DATASET RECORDS section start

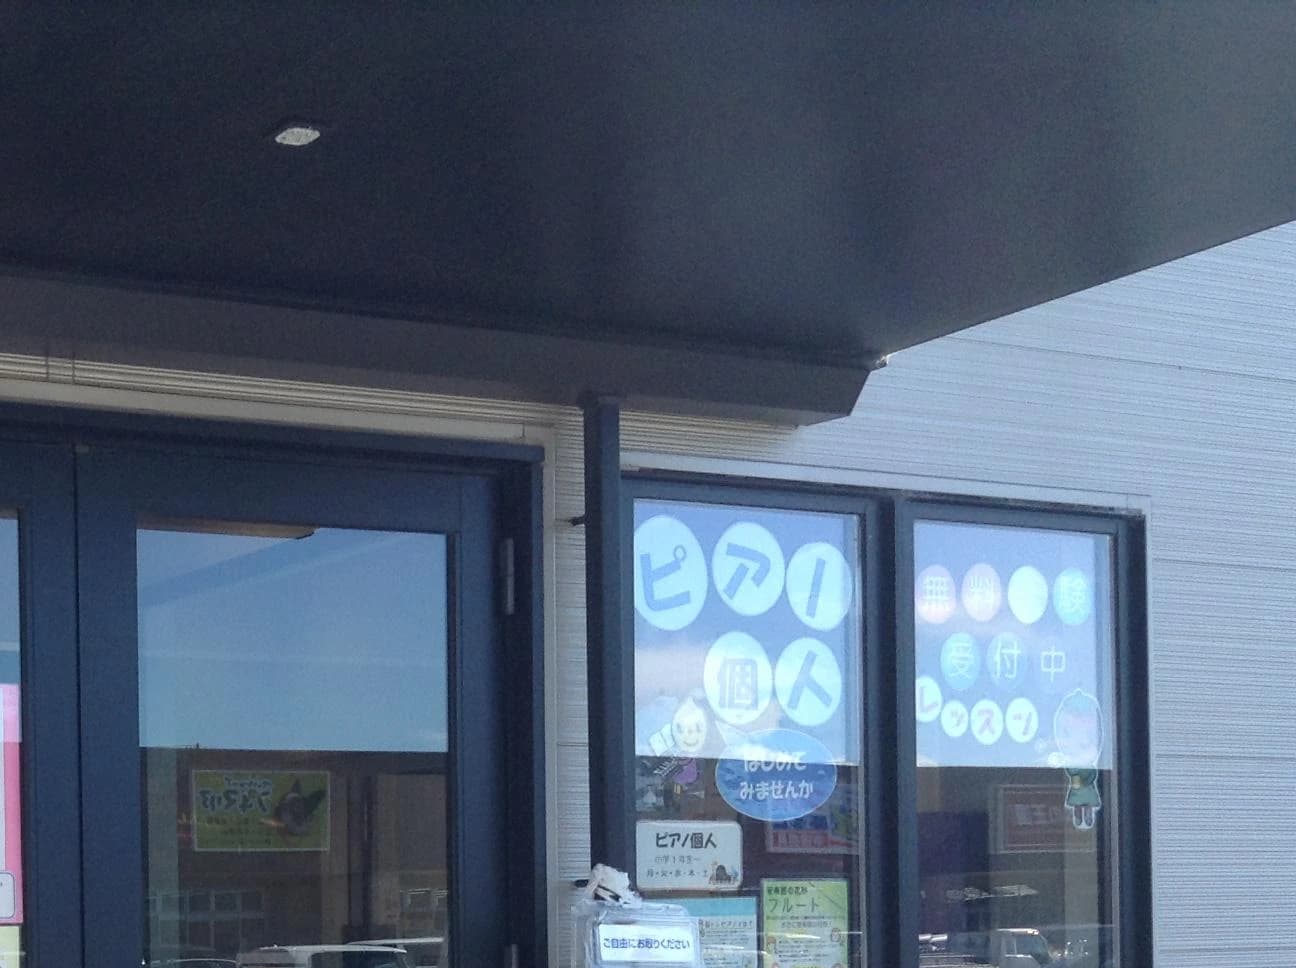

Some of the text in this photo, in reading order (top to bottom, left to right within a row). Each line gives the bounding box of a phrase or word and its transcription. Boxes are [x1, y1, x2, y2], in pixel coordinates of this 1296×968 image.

[639, 541, 826, 619] ピアノ
[950, 641, 1066, 683] 受付中
[718, 649, 833, 711] 個人
[739, 780, 813, 801] みませんか
[655, 832, 718, 849] ピアノ個人
[768, 898, 819, 914] フルート
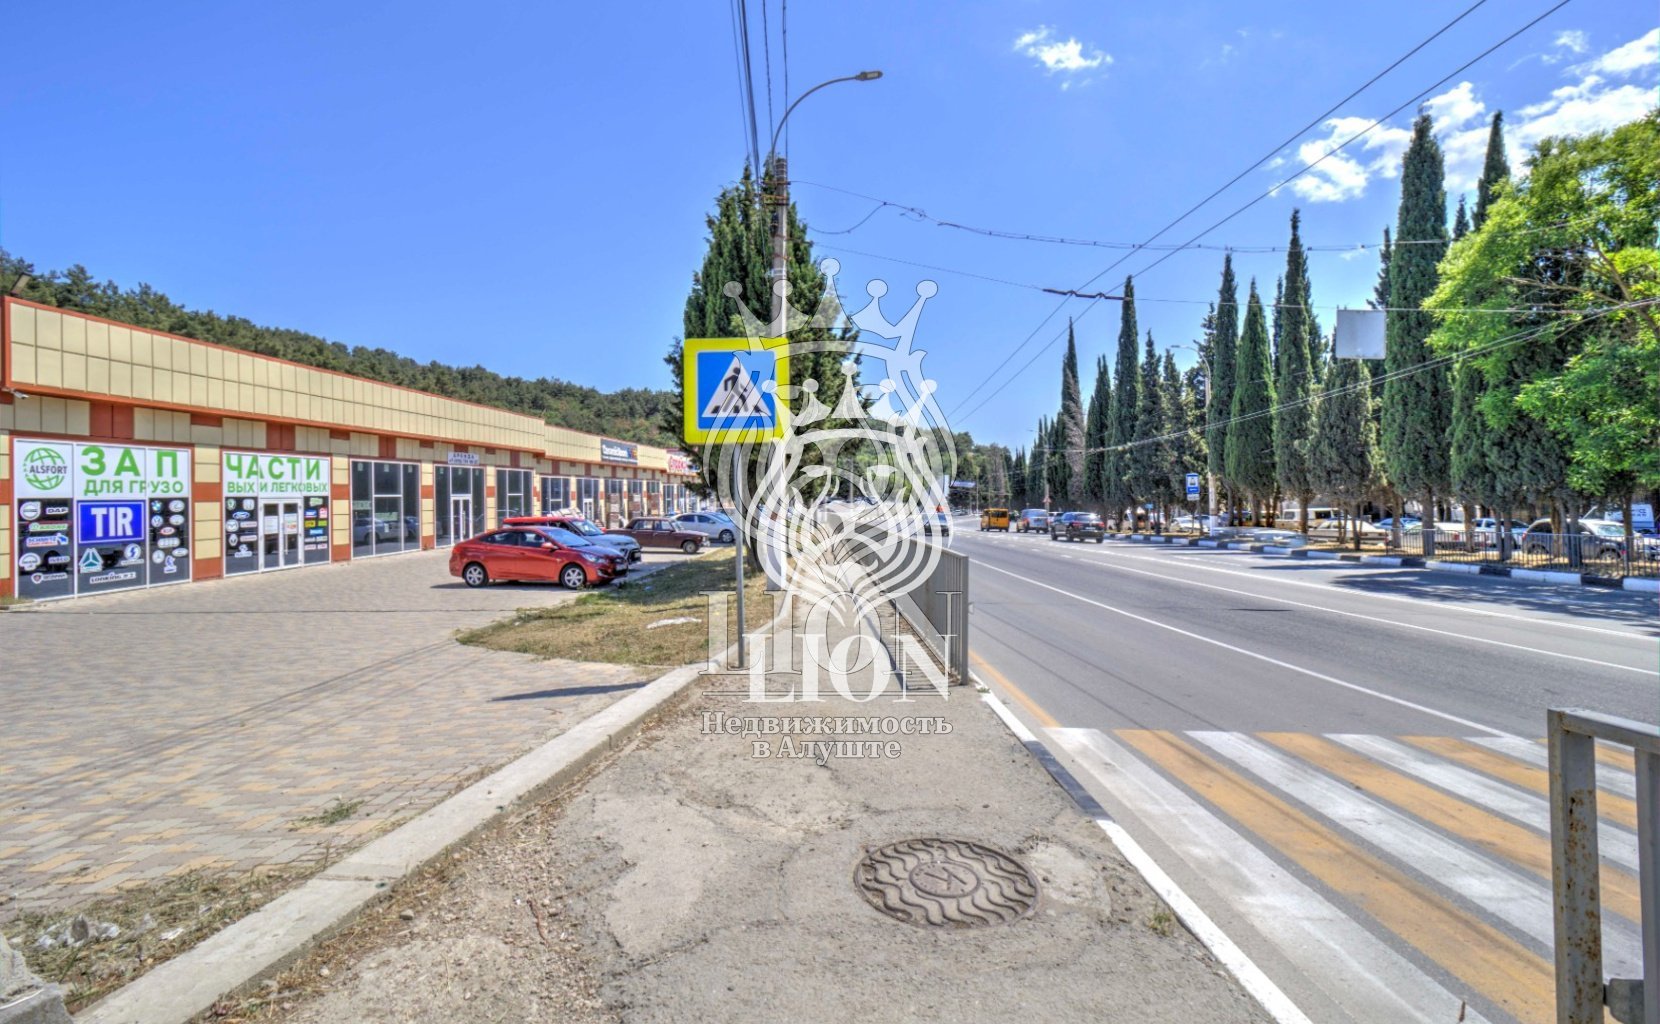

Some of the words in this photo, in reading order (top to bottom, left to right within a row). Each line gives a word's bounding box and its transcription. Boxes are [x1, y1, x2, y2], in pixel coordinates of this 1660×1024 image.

[29, 464, 68, 475] ALSFORT
[81, 445, 178, 477] ЗАП
[225, 453, 321, 481] ЧАСТИ
[84, 480, 123, 496] ДЛЯ
[129, 480, 184, 494] ГРУЗО
[227, 482, 255, 493] ВЫХ
[259, 482, 268, 493] И
[271, 482, 328, 493] ЛЕГКОВЫХ
[91, 506, 133, 538] TIR

DATASET RECORDS section end

Every line of the listing should be repeated exactly; no picture should appear.

Some of the text in this photo, in reading order (top to bottom, left to right within a row). Each line gives the bounding box of a phrase or word and its transcription. Boxes are [x1, y1, x2, y2], in pixel coordinates of this 1296×968 image.

[639, 541, 826, 619] ピアノ
[950, 641, 1066, 683] 受付中
[718, 649, 833, 711] 個人
[739, 780, 813, 801] みませんか
[655, 832, 718, 849] ピアノ個人
[768, 898, 819, 914] フルート

Some of the words in this photo, in reading order (top to bottom, left to right within a row). Each line gives a word's bounding box and its transcription. Boxes are [x1, y1, x2, y2], in pixel coordinates of this 1660×1024 image.

[29, 464, 68, 475] ALSFORT
[81, 445, 178, 477] ЗАП
[225, 453, 321, 481] ЧАСТИ
[84, 480, 123, 496] ДЛЯ
[129, 480, 184, 494] ГРУЗО
[227, 482, 255, 493] ВЫХ
[259, 482, 268, 493] И
[271, 482, 328, 493] ЛЕГКОВЫХ
[91, 506, 133, 538] TIR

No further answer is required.